** SOURCE MATERIAL follows **

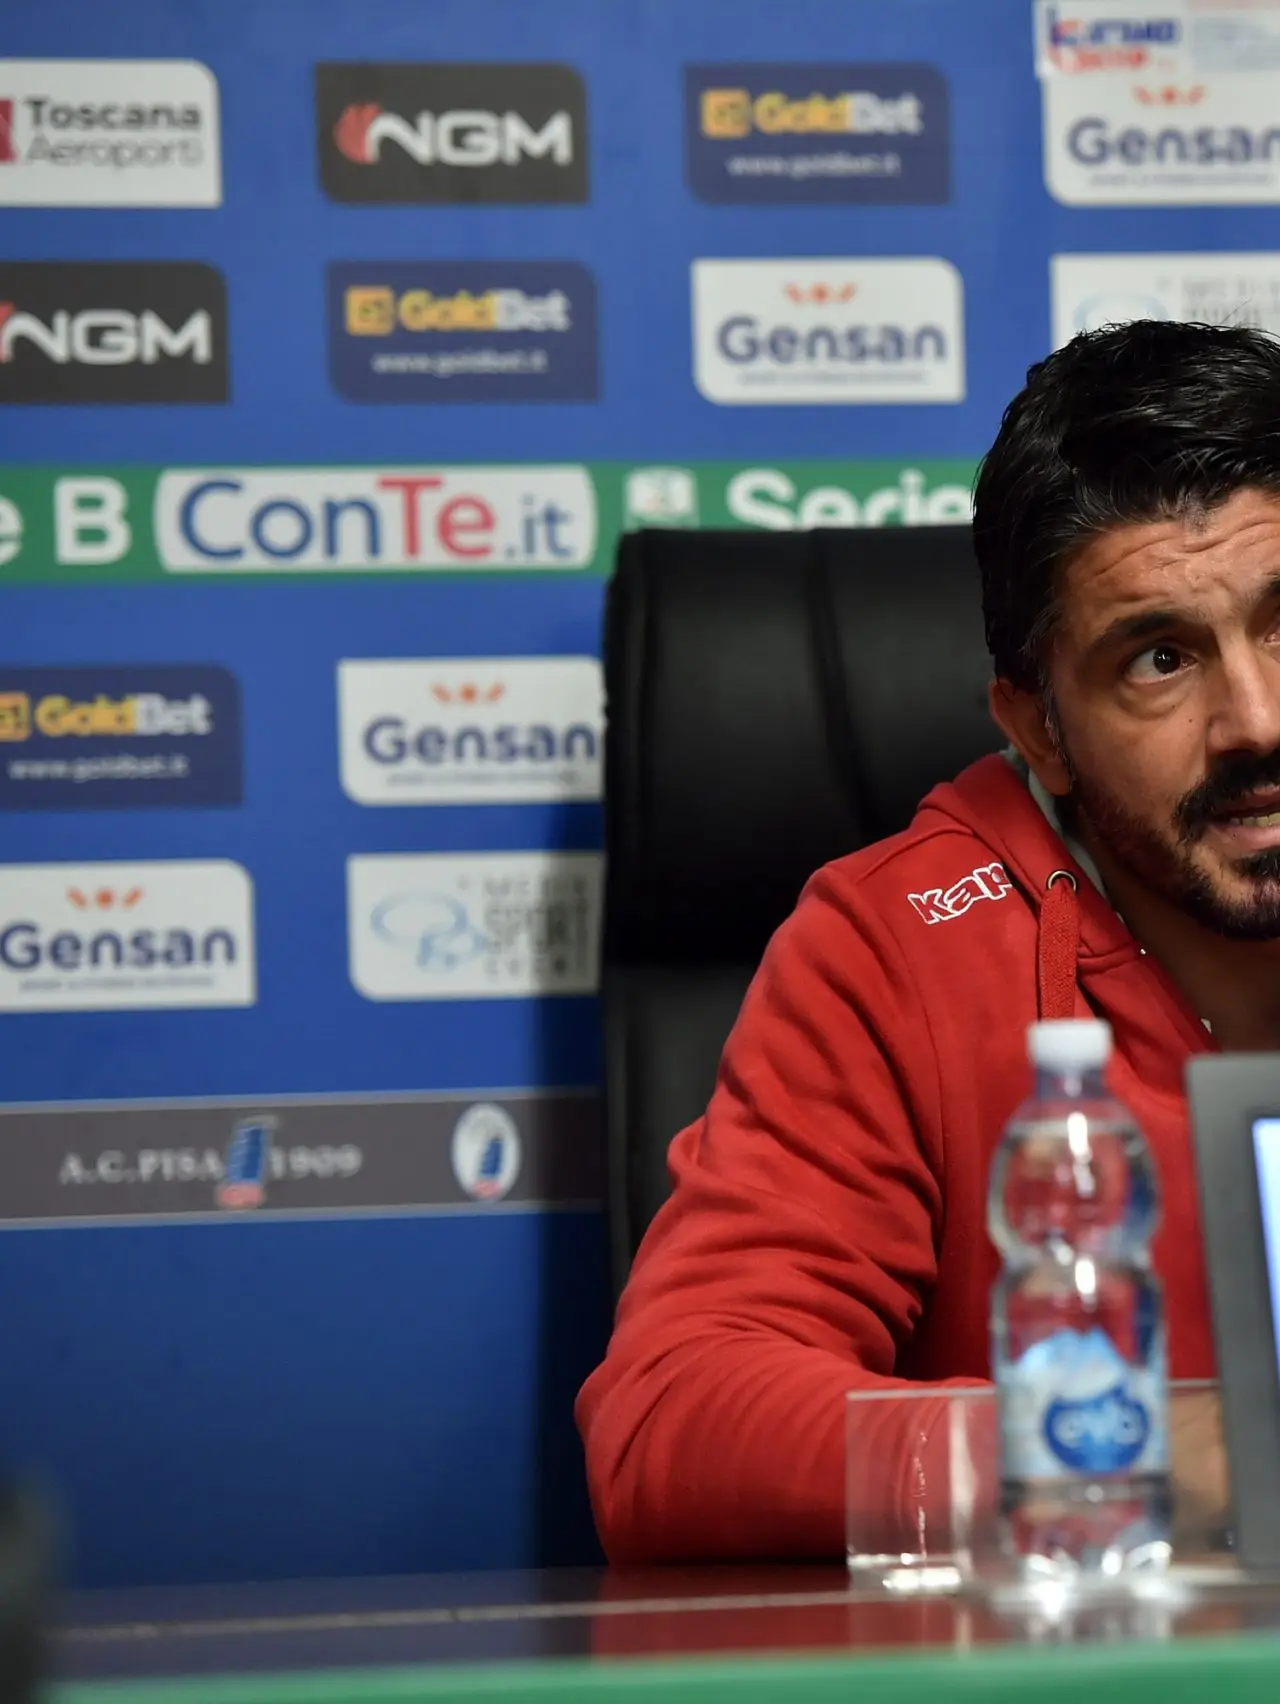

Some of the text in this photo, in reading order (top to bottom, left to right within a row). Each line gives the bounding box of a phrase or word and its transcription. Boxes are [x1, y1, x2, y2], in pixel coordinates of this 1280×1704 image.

[24, 97, 202, 130] Toscana
[364, 109, 574, 166] NGM
[753, 89, 923, 136] GoldBet
[398, 287, 573, 333] GoldBet
[2, 308, 211, 365] NGM
[716, 314, 948, 365] Gensan
[53, 476, 133, 566] B
[176, 475, 576, 562] ConTe.it
[33, 694, 213, 738] GoldBet
[361, 715, 598, 768] Gensan
[0, 921, 239, 971] Gensan
[267, 1143, 363, 1180] 1909
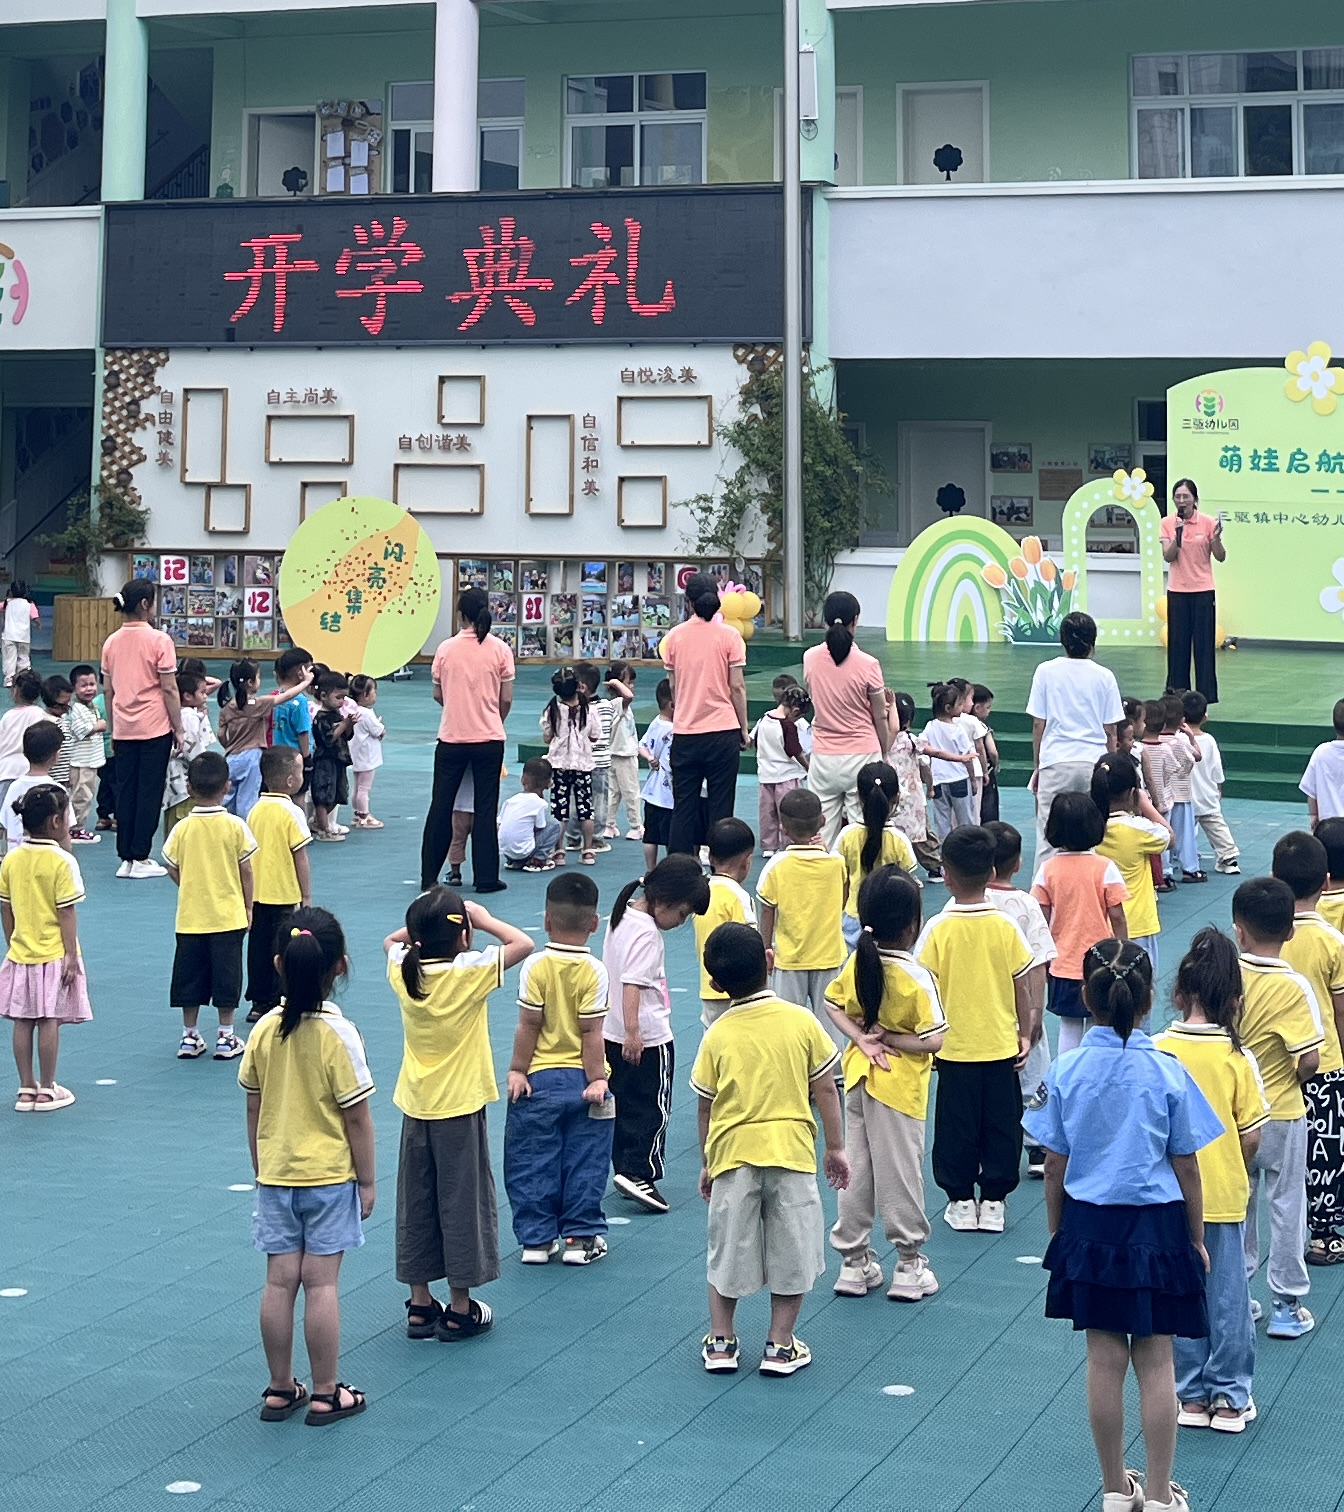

** End of SOURCE MATERIAL **

Please keep every line of the data the same when you reproduce it, and keep every picture out.

Some of the text in this photo, in reading order (top to bottom, left to right within a row). Each line gives the bounding box of a phrase or word and its transcription. Boxes are [x1, y1, x2, y2], in pixel coordinates of this 1280×1704 image.

[24, 97, 202, 130] Toscana
[364, 109, 574, 166] NGM
[753, 89, 923, 136] GoldBet
[398, 287, 573, 333] GoldBet
[2, 308, 211, 365] NGM
[716, 314, 948, 365] Gensan
[53, 476, 133, 566] B
[176, 475, 576, 562] ConTe.it
[33, 694, 213, 738] GoldBet
[361, 715, 598, 768] Gensan
[0, 921, 239, 971] Gensan
[267, 1143, 363, 1180] 1909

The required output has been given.